··· Extracted records

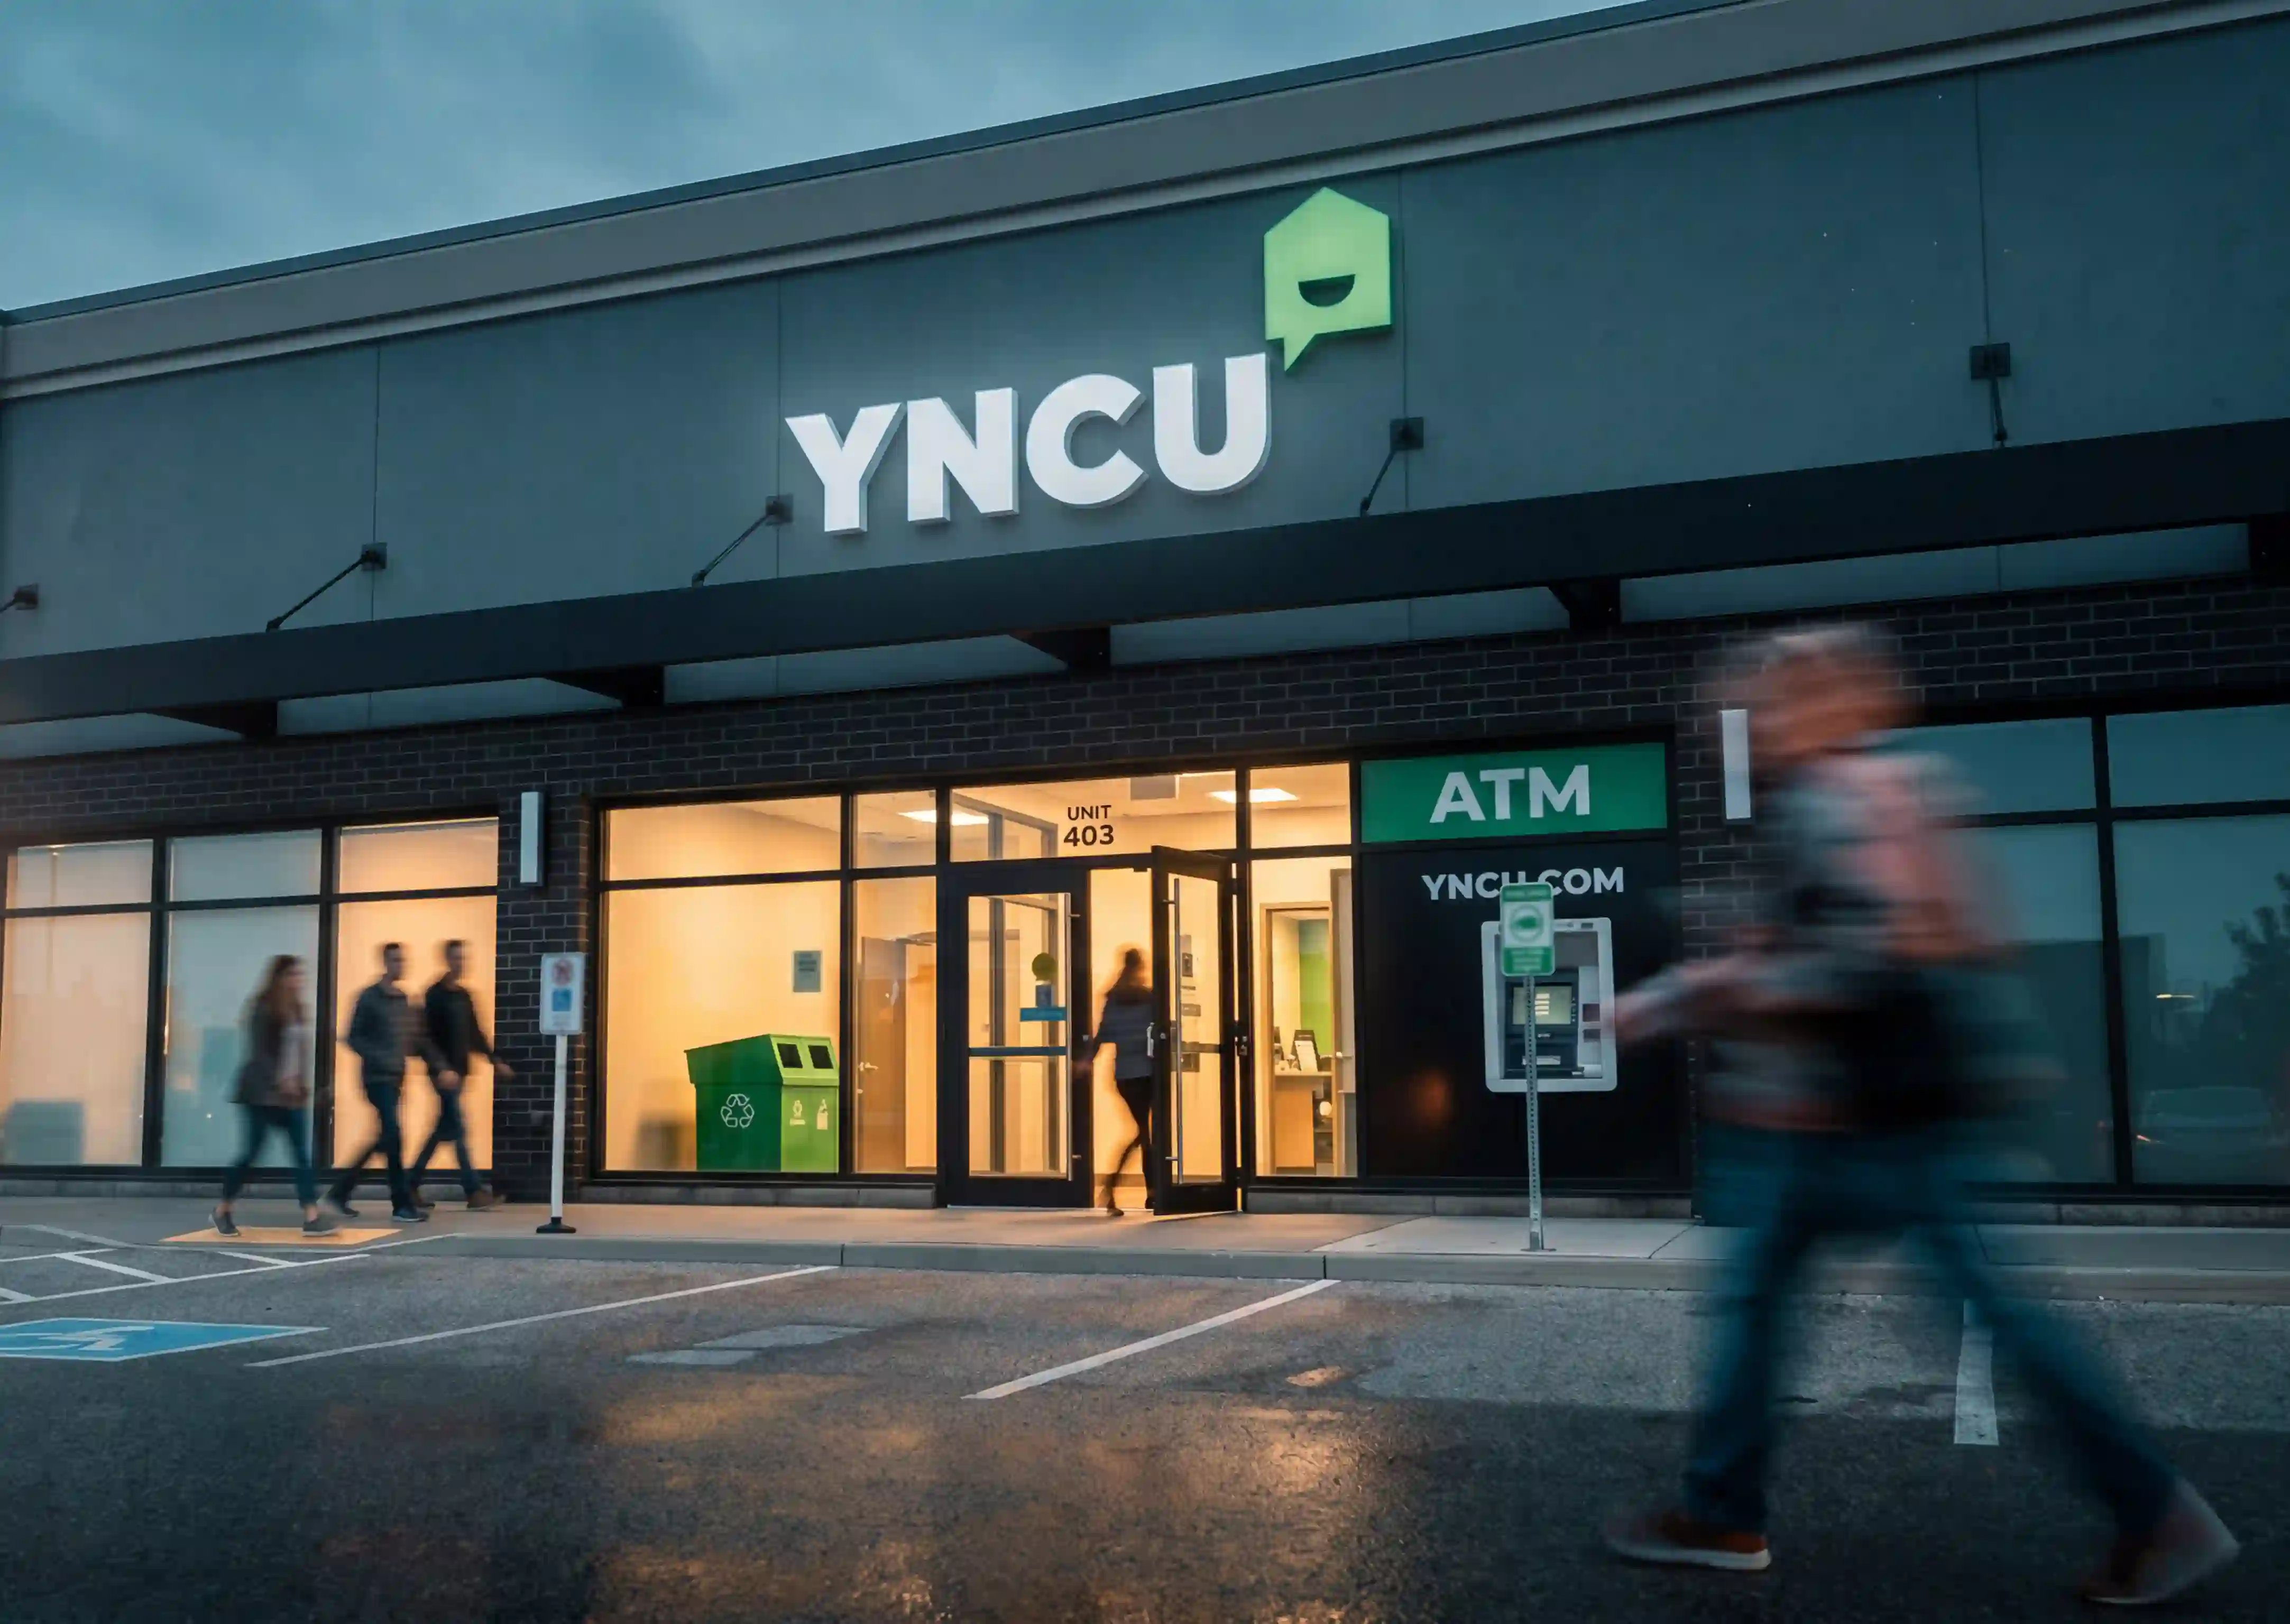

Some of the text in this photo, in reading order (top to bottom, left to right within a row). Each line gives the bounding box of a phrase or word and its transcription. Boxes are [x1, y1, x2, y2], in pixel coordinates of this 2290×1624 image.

[785, 353, 1271, 536] YNCU
[1068, 805, 1112, 821] UNIT
[1429, 764, 1590, 823] ATM
[1063, 825, 1114, 847] 403
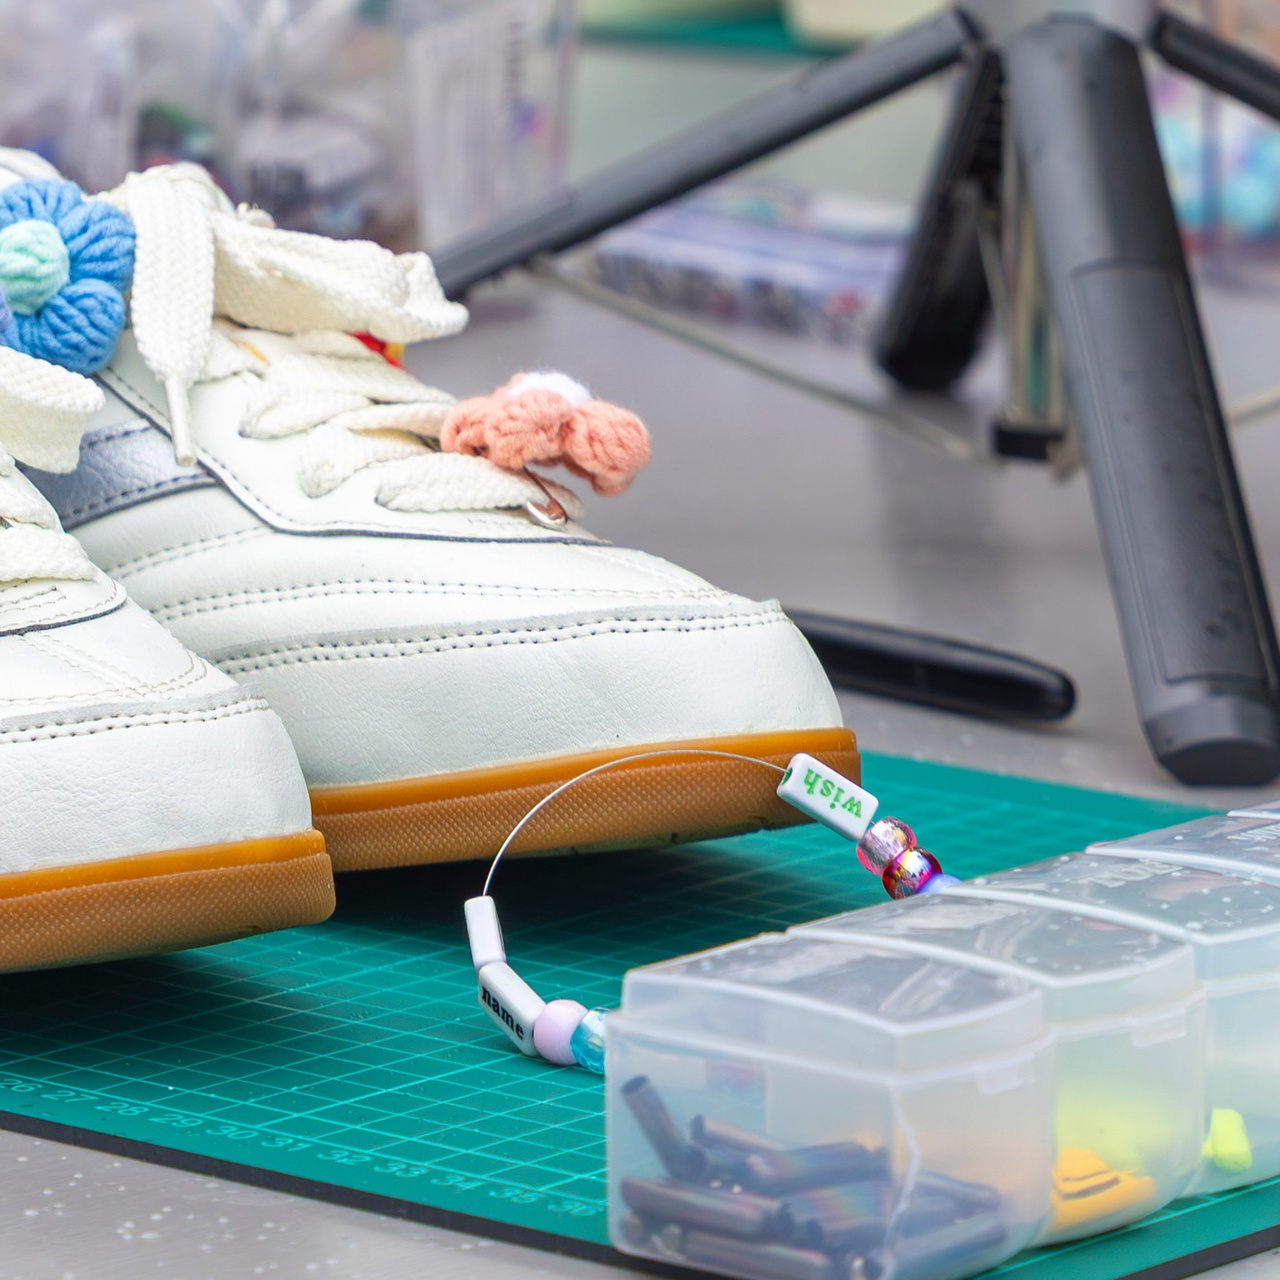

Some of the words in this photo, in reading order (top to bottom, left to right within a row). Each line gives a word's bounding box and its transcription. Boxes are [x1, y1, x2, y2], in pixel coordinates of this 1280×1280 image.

[803, 768, 862, 819] wish
[1077, 861, 1184, 888] TUE
[482, 985, 524, 1041] name
[39, 1090, 99, 1103] 27
[94, 1101, 149, 1116] 28
[147, 1113, 204, 1128] 29
[205, 1125, 259, 1140] 30
[261, 1137, 313, 1151] 31
[316, 1150, 372, 1166] 32
[372, 1162, 428, 1178] 33
[430, 1174, 487, 1190] 34
[488, 1188, 548, 1203] 35
[547, 1201, 606, 1216] 36
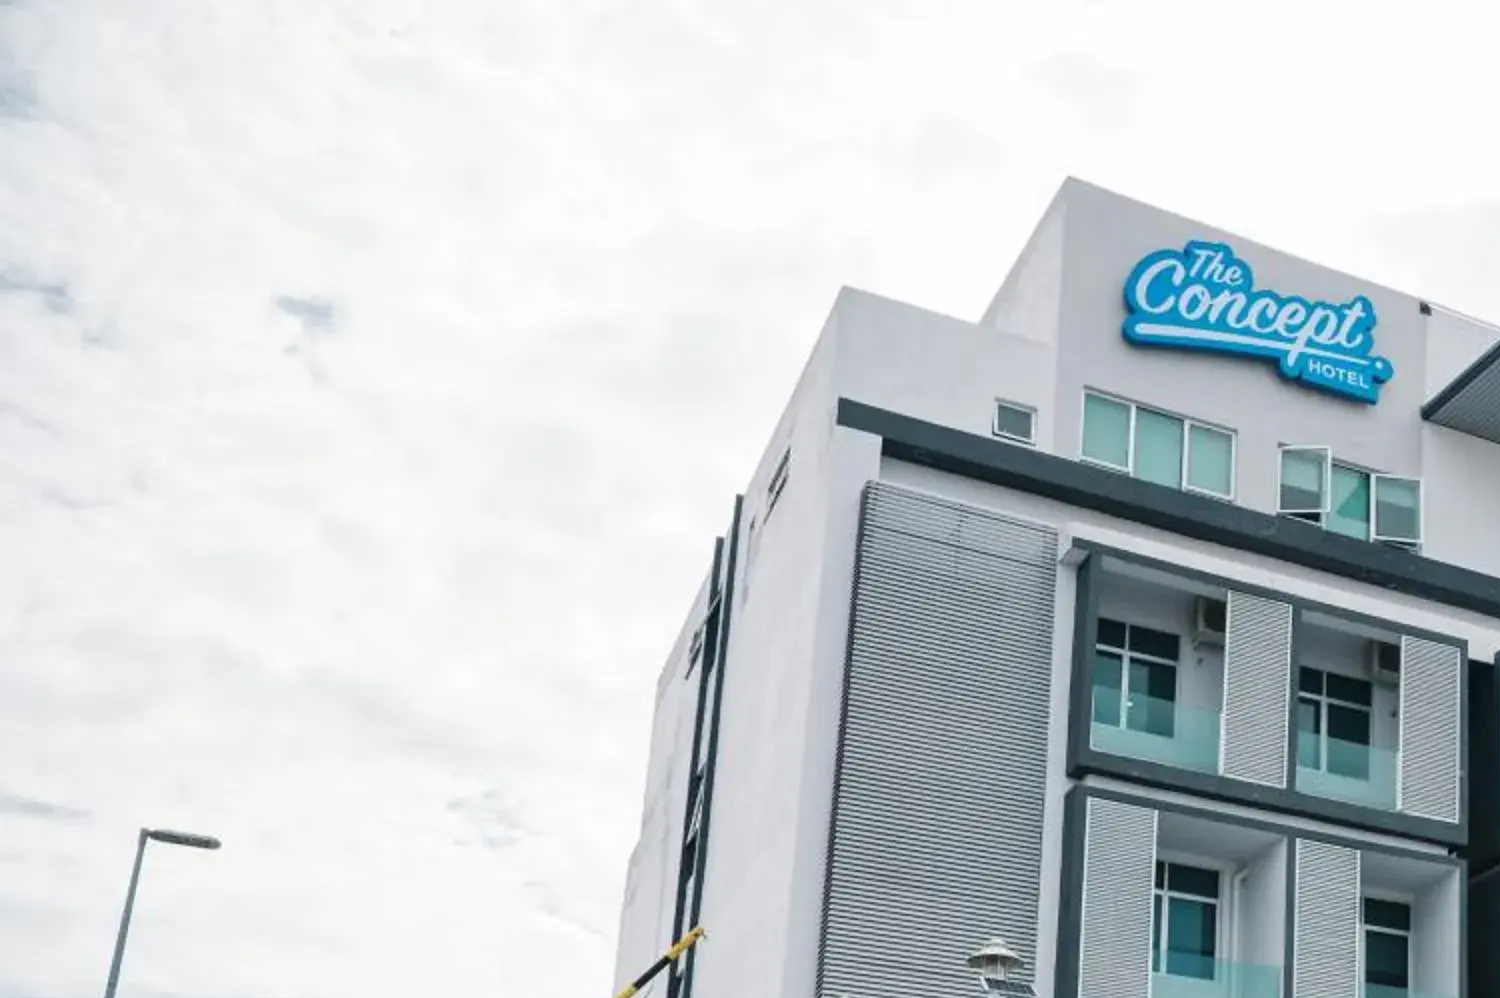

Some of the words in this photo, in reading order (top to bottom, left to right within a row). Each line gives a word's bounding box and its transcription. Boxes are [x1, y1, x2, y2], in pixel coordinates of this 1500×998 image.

······

## Instructions to follow
All entries above must be repeated exactly; pictures are to be left out.

## The completed task
Some of the text in this photo, in reading order (top to bottom, left to right within a row). Each line gives the bounding box of a phrase or word and its transcription. Boxes are [x1, y1, x2, y2], in pixel coordinates of this 2290×1624 image.

[785, 353, 1271, 536] YNCU
[1068, 805, 1112, 821] UNIT
[1429, 764, 1590, 823] ATM
[1063, 825, 1114, 847] 403

Some of the words in this photo, in reading order (top to bottom, left to right within a row). Each line gives a word's bounding box and its transcription. Boxes are [x1, y1, x2, y2], in pixel coordinates of this 1280×1280 image.

[803, 768, 862, 819] wish
[1077, 861, 1184, 888] TUE
[482, 985, 524, 1041] name
[39, 1090, 99, 1103] 27
[94, 1101, 149, 1116] 28
[147, 1113, 204, 1128] 29
[205, 1125, 259, 1140] 30
[261, 1137, 313, 1151] 31
[316, 1150, 372, 1166] 32
[372, 1162, 428, 1178] 33
[430, 1174, 487, 1190] 34
[488, 1188, 548, 1203] 35
[547, 1201, 606, 1216] 36

Some of the words in this photo, in reading order (top to bottom, left to right within a row). Each line gives a word's bounding box and its transcription. Boxes are [x1, y1, x2, y2], in pixel coordinates of this 1500×998 image.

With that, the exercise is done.